Paul's juggling a lot of issues here -- guilt over Alex, guilt over the almost-affair with Laura (and how he feels that situation may have led to Alex's death), angst over the divorce and separation from his kids, fear of losing his career through the lawsuit, fear of losing yet another patient (April), plus the unresolved issues with his parents that Gina keeps pressing him to talk about -- and it helps to have Byrne and Wiest working opposite each other to sort them all out.

Finally, a few other thoughts:

• Warren Leight, who took over from Rodrigo Garcia as showrunner this year, tried to as best he could to assign specific writers to specific patients, and he and Paris Barclay wanted to do the same with the directors. The latter proved impossible due to the scheduling problems detailed in the behind-the-scenes story (though Ryan Fleck managed to do most of the Oliver episodes), and even the writing match didn't work all the way through the season, but for now, you've got (with Leight co-scripting this week) Jacquelyn Reingold on Mia, Sarah Treem on April, Keith Bunin on Oliver, Pat Healy on Walter and Marsha Norman on Paul/Gina.
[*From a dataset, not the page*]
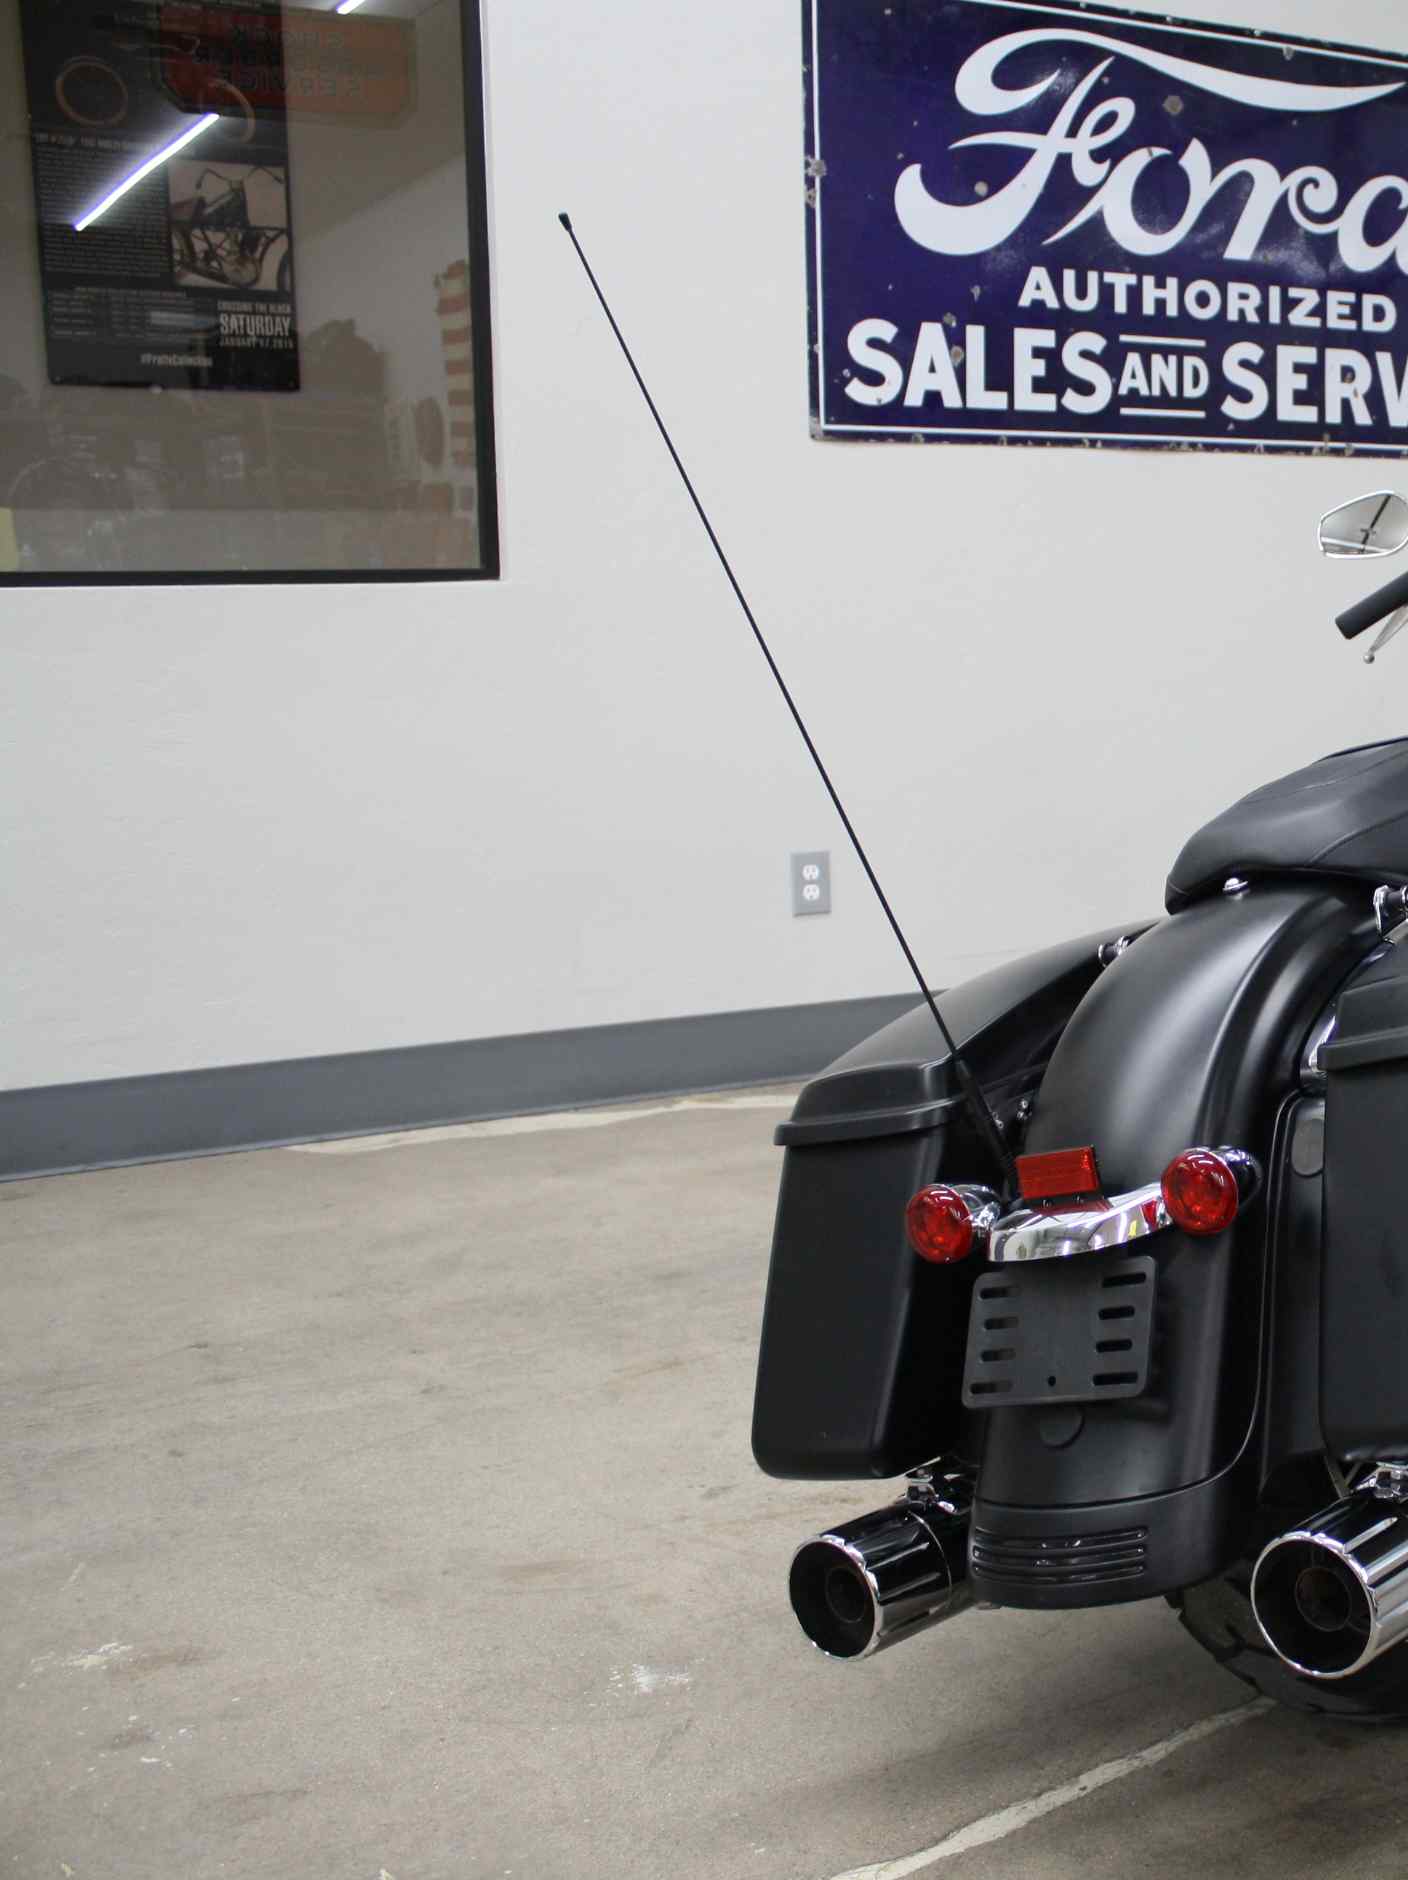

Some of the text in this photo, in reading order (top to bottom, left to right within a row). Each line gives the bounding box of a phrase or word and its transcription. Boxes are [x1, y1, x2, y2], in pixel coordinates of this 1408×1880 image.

[219, 313, 291, 337] SATURDAY
[1018, 265, 1397, 333] AUTHORIZED
[844, 317, 1113, 416] SALES
[1118, 351, 1210, 399] AND
• I really like Paul's new office, which is more connected to the outside world through those big windows, and through all the Brooklyn references this time out. It wasn't clear for a very long time in season one that Paul practiced in suburban Maryland.

• Speaking of those windows, note that each session (including Mia as of next week) takes place at a different time of day (April around lunch, Oliver in late afternoon, Walter in early evening) to allow a different quality of light into the set and give each session its own atmosphere beyond what the patient brings.

• Other than the return of Mr. Prince, my favorite pre-credits sequence of the week was Paul on the Amtrak train, trapped next to the heavyset guy who blames his own shrink for his divorce. "So what do you do?" "I'm in sales." Ha!

• In addition to all the new patients, we get to meet a part of Paul's past when it turns out that his first girlfriend, Tammy Kent (Laila Robbins) is conveniently also a patient of Gina's. Small town, indeed.

What did everybody else think?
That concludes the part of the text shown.